● **Description of the task**
Exact copies of all the lines below are wanted, without a single picture.

Given data below:

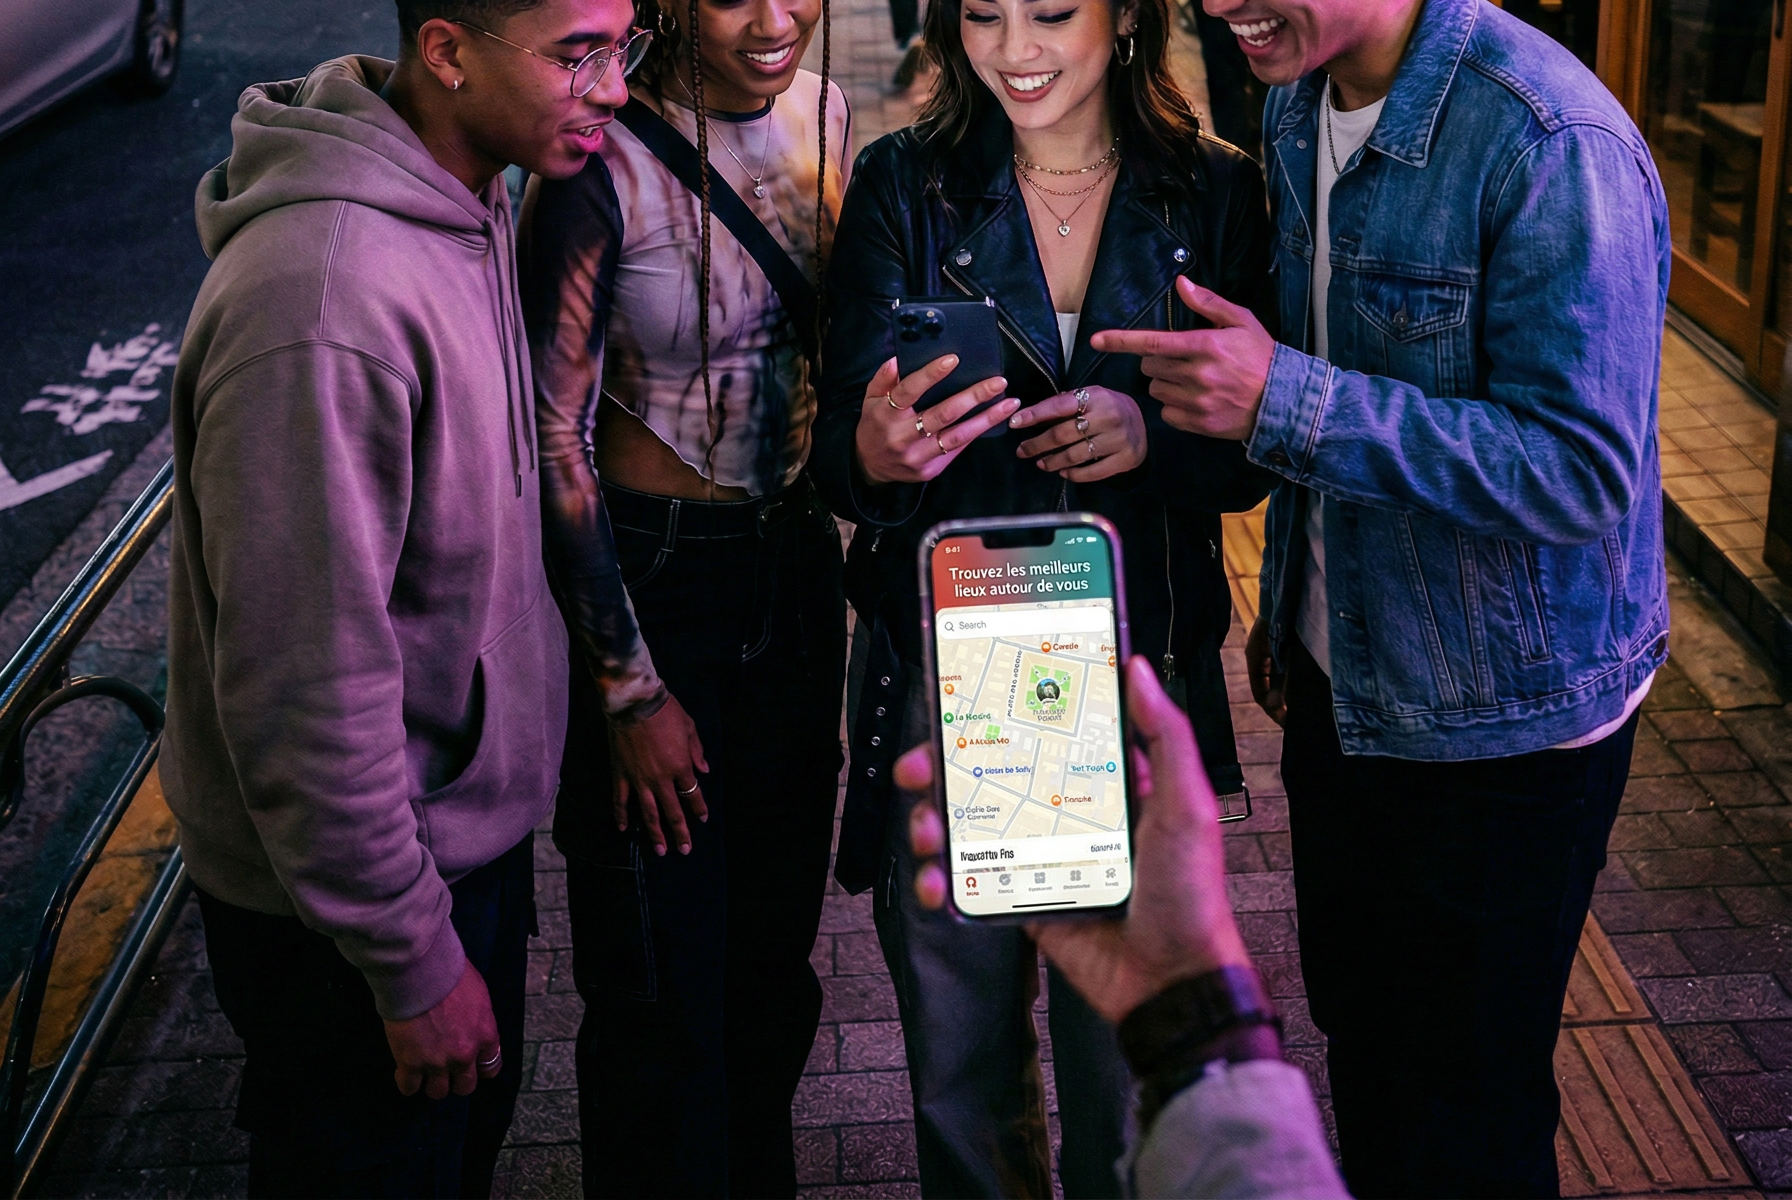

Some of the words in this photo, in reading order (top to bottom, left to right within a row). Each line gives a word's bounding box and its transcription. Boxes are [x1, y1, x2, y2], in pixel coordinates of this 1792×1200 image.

[949, 566, 1003, 581] Trouvez
[1006, 562, 1026, 577] les
[1029, 560, 1091, 575] meilleurs
[954, 584, 987, 598] lieux
[989, 582, 1033, 596] autour
[1036, 579, 1054, 593] de
[1056, 579, 1089, 591] vous
[958, 620, 987, 630] Search
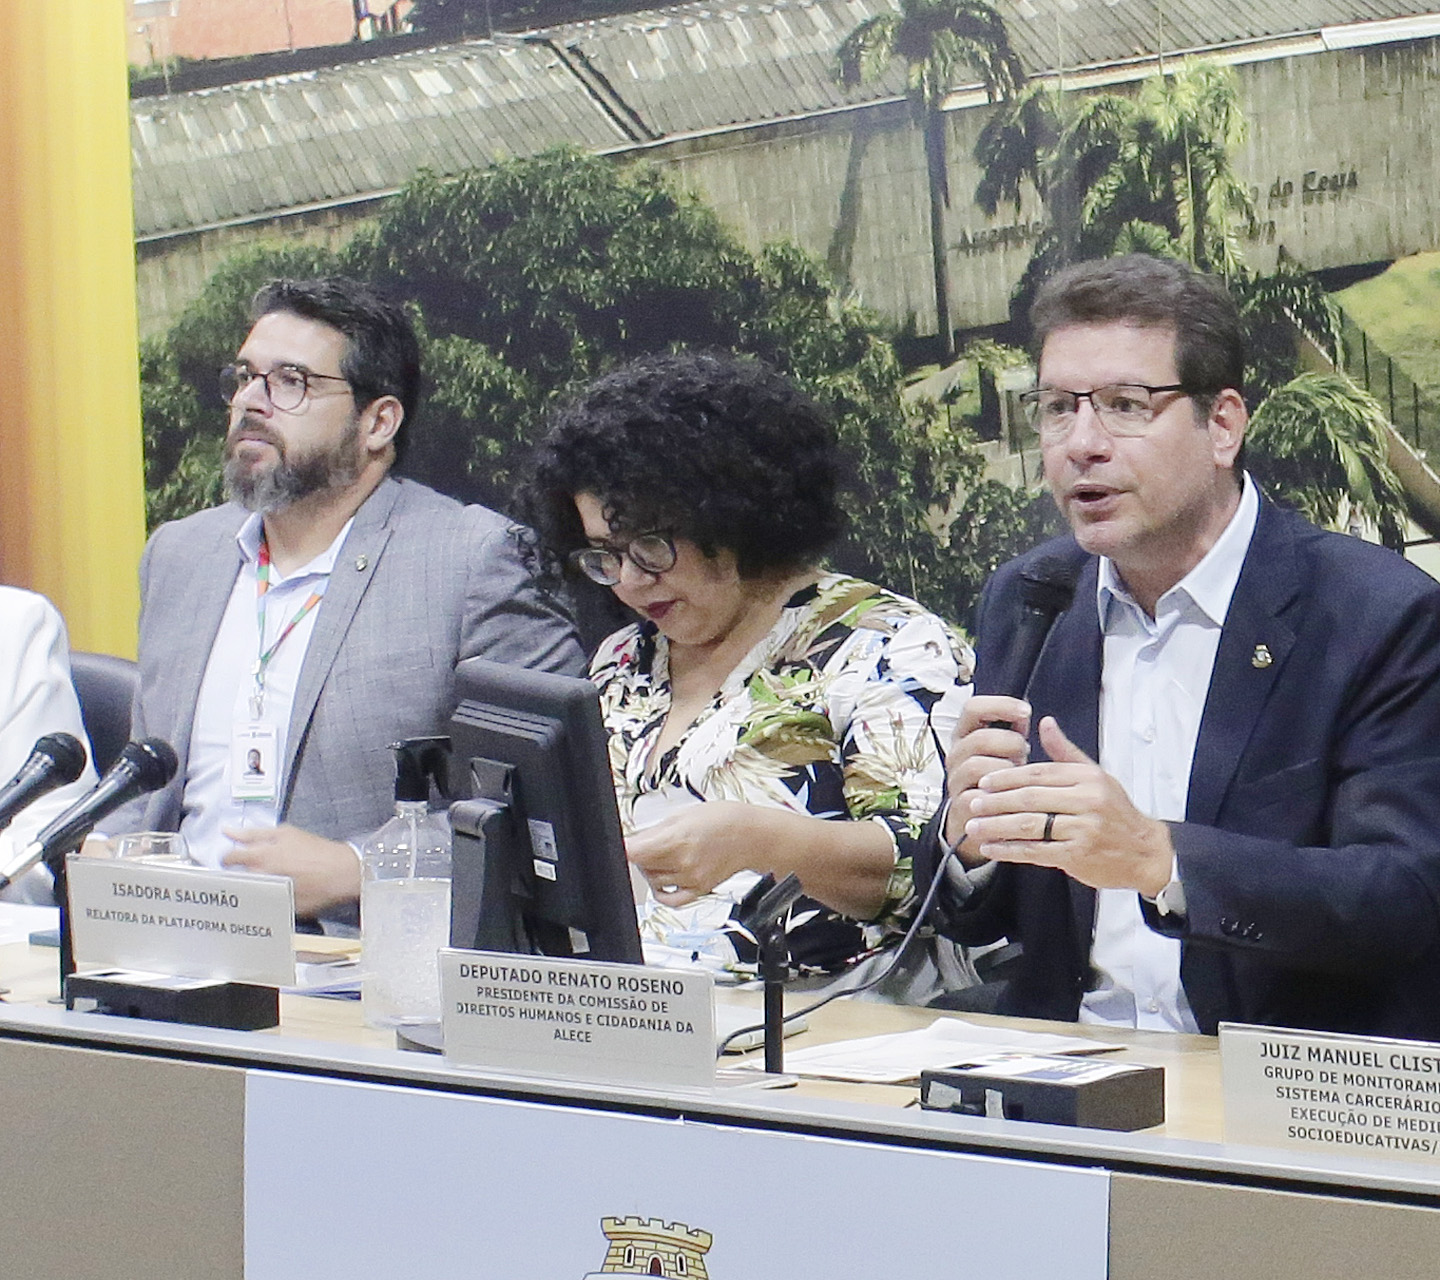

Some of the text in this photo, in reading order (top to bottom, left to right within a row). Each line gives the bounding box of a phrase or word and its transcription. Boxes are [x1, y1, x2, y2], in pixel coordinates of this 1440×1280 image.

[112, 883, 239, 908] ISADORA SALOMÃO
[86, 908, 272, 938] RELATORA DA PLATAFORMA DHESCA
[460, 964, 684, 995] DEPUTADO RENATO ROSENO
[477, 986, 669, 1013] PRESIDENTE DA COMISSÃO DE
[457, 1002, 694, 1034] DIREITOS HUMANOS E CIDADANIA DA
[553, 1029, 592, 1043] ALECE
[1260, 1042, 1302, 1060] JUIZ
[1307, 1046, 1384, 1068] MANUEL
[1264, 1065, 1314, 1082] GRUPO
[1319, 1070, 1338, 1084] DE
[1276, 1086, 1341, 1104] SISTEMA
[1291, 1106, 1368, 1127] EXECUÇÃO
[1373, 1115, 1392, 1129] DE

End of Given data.

● **Output for this task**
Some of the words in this photo, in reading order (top to bottom, left to right within a row). Each line gives a word's bounding box and its transcription. Boxes are [x1, y1, x2, y2], in pixel coordinates of this 1792×1200 image.

[949, 566, 1003, 581] Trouvez
[1006, 562, 1026, 577] les
[1029, 560, 1091, 575] meilleurs
[954, 584, 987, 598] lieux
[989, 582, 1033, 596] autour
[1036, 579, 1054, 593] de
[1056, 579, 1089, 591] vous
[958, 620, 987, 630] Search

Some of the text in this photo, in reading order (top to bottom, left to right within a row). Each line gives the bounding box of a phrase or word and its transcription. Boxes are [x1, y1, x2, y2], in pixel coordinates of this 1440×1280 image.

[112, 883, 239, 908] ISADORA SALOMÃO
[86, 908, 272, 938] RELATORA DA PLATAFORMA DHESCA
[460, 964, 684, 995] DEPUTADO RENATO ROSENO
[477, 986, 669, 1013] PRESIDENTE DA COMISSÃO DE
[457, 1002, 694, 1034] DIREITOS HUMANOS E CIDADANIA DA
[553, 1029, 592, 1043] ALECE
[1260, 1042, 1302, 1060] JUIZ
[1307, 1046, 1384, 1068] MANUEL
[1264, 1065, 1314, 1082] GRUPO
[1319, 1070, 1338, 1084] DE
[1276, 1086, 1341, 1104] SISTEMA
[1291, 1106, 1368, 1127] EXECUÇÃO
[1373, 1115, 1392, 1129] DE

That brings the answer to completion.